Output the entries word for word. Omit images.

++++ Source data

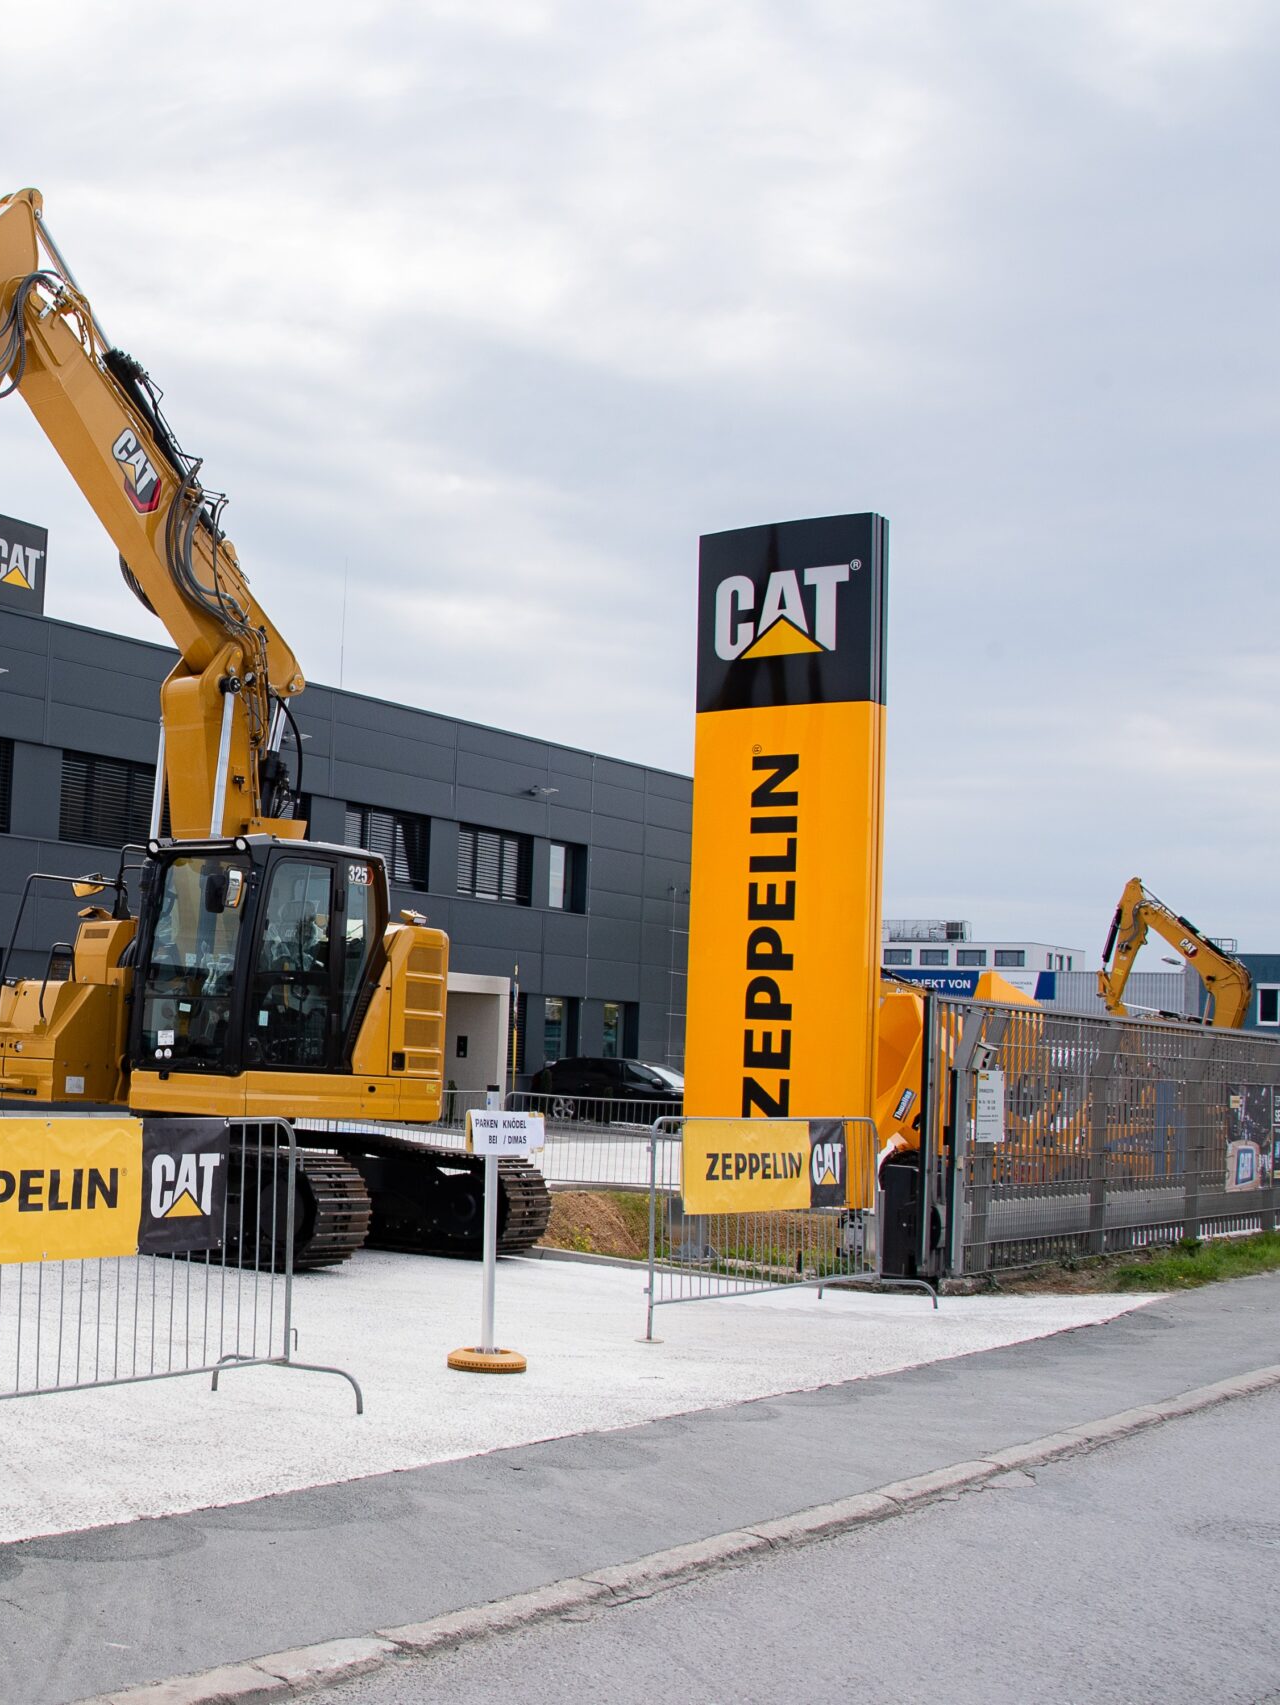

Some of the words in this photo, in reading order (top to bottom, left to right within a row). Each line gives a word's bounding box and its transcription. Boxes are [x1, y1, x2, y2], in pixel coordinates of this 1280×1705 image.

[112, 428, 158, 495] CAT
[715, 564, 850, 661] CAT
[348, 866, 368, 884] 325
[949, 979, 971, 989] VON
[475, 1119, 498, 1128] PARKEN
[489, 1135, 498, 1144] BEI
[508, 1135, 527, 1144] DIMAS
[705, 1152, 802, 1181] ZEPPELIN
[811, 1143, 842, 1185] CAT
[150, 1152, 220, 1219] CAT

++++++++

§ **Output of the task**
Some of the words in this photo, in reading order (top to bottom, left to right within a row). Each line gives a word's bounding box and its transcription. Boxes are [x1, y1, x2, y2], in pixel coordinates of this 1280×1705 image.

[112, 428, 158, 495] CAT
[715, 564, 850, 661] CAT
[348, 866, 368, 884] 325
[949, 979, 971, 989] VON
[475, 1119, 498, 1128] PARKEN
[489, 1135, 498, 1144] BEI
[508, 1135, 527, 1144] DIMAS
[705, 1152, 802, 1181] ZEPPELIN
[811, 1143, 842, 1185] CAT
[150, 1152, 220, 1219] CAT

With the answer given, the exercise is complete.